Trying to bring things over from last week... we'll see if this works!

 

I have The Door on my shelves.  I should pull it out soon...

I declutter regularly, but have learned that culling books only makes me unhappy... and costs me more time and money as I inevitably go searching to reread, discover the libraries don't carry it, and end up repurchasing... or paying for an interlibrary loan if it is unaffordably out of print. 

I started When the Doves Disappeared the other year, but it didn't immediately grab me the way Purge had, and I was unsure how intense it was going to get.  I've added it back to my TBR lists.  

I have been thinking for years now about how many of us believe we would act in certain ways under certain pressures, but how few people really manage that when it is real.   I have come to believe that what we would do in intense situations is reflected in what we are doing now, what patterns of reaction (or inaction) do we have?  How do we handle stress now?  How do we respond to those in need?  How do we deal with discomfort?  With potential conflict?   I mused at length about it here after reading A Train in Winter and learning that for almost all of the women on that train to Ravensbruck who'd been involved in some way in the Resistance, there hadn't been a real choice.  Their actions flowed out of who they already were, how they responded to need and injustice...    That realization changed my life and has led me to push myself to be now the person I would want to be in that kind of crisis.   ...which is the person I used to be, before kids and health and... well, life, weighed me down.   ...but, as Heather noted, teens and young adults have a capacity for daring that most adults cannot easily match...

 

I also loved Notes on a Foreign Country - and I would love to see your notes on the US History class when you're done!  I am unlikely to be teaching a high school history class again, but my teens read widely and love it when I suggest titles and resources to them... and who knows where my little guy will land by high school. 

 

In American popular cinema--and probably in much of Western literature--there seems to be the dichotomy of good and evil and the need to present everyone in terms of being a good guy or not. One of the appeals that Eastern European literature has for me is recognition that Things Are Not so Simple.  One from bad regime to another we go and yet there can be such joy in embracing a moment as slim as a gossamer thread.

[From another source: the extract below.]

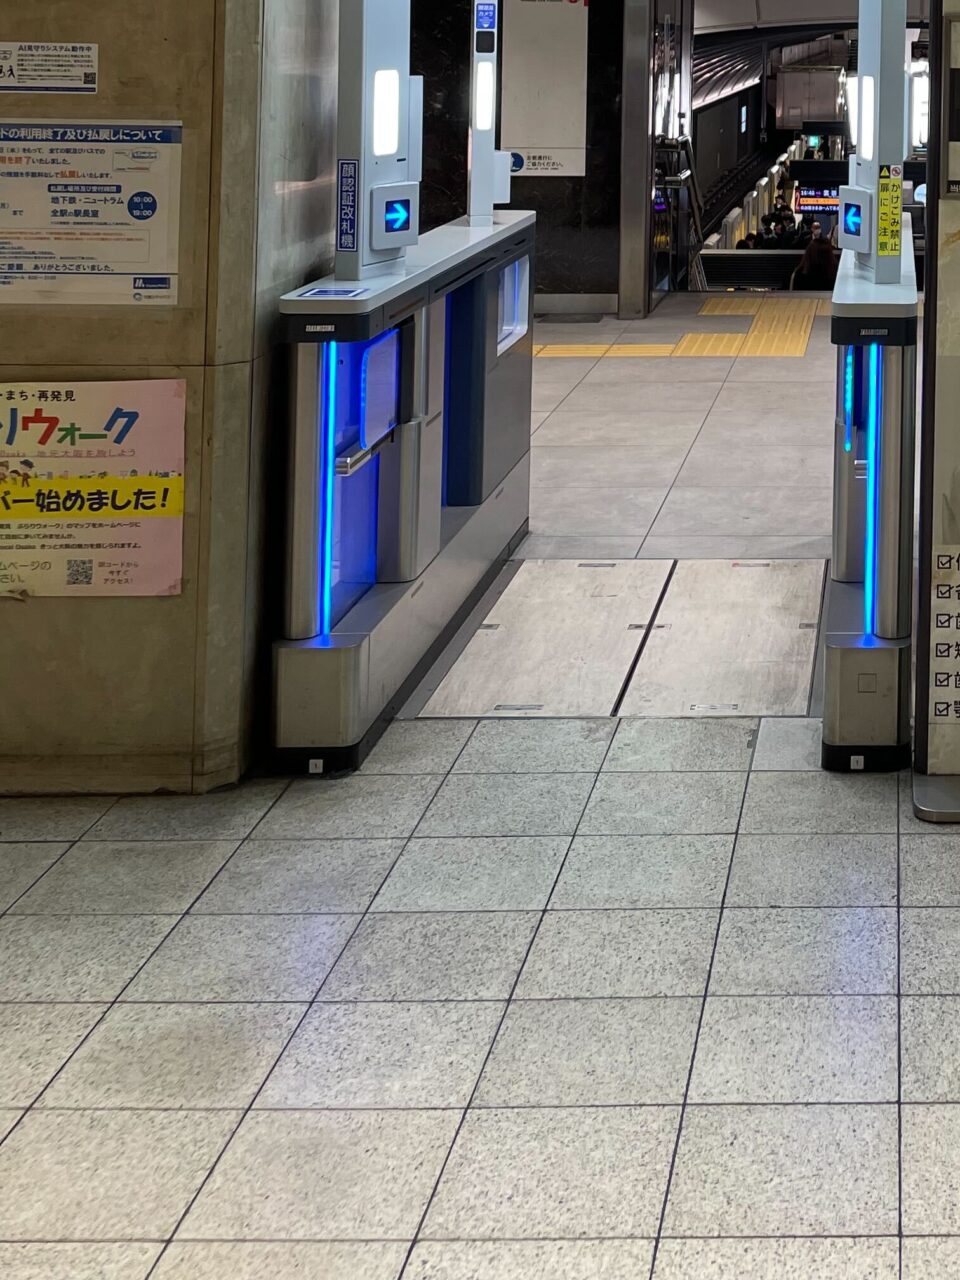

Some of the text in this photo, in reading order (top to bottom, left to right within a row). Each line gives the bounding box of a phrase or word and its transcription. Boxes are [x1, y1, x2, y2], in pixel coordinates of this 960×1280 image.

I don't know if heroism always involves overt acts. I am reminded of the amazing narrator that Wiesław Myśliwski created who reminds us "Just keep shelling the beans." For some, basic survival without harm to others is all that can be done. 

Willful ignorance may be the one of the greatest modern sins. I know too many who don't want to think about things that they view as "unpleasant".  They have their moments of moral outrage by reacting to something seen on Facebook but otherwise let's not discuss the children of Syria or that corporation down the road that is dumping chemicals illegally into our water supply.

Let me take this opportunity to thank Fast Weed Puller for turning me on to Notes on a Foreign Country. Very worthwhile reading that helps one shift ones cultural lens.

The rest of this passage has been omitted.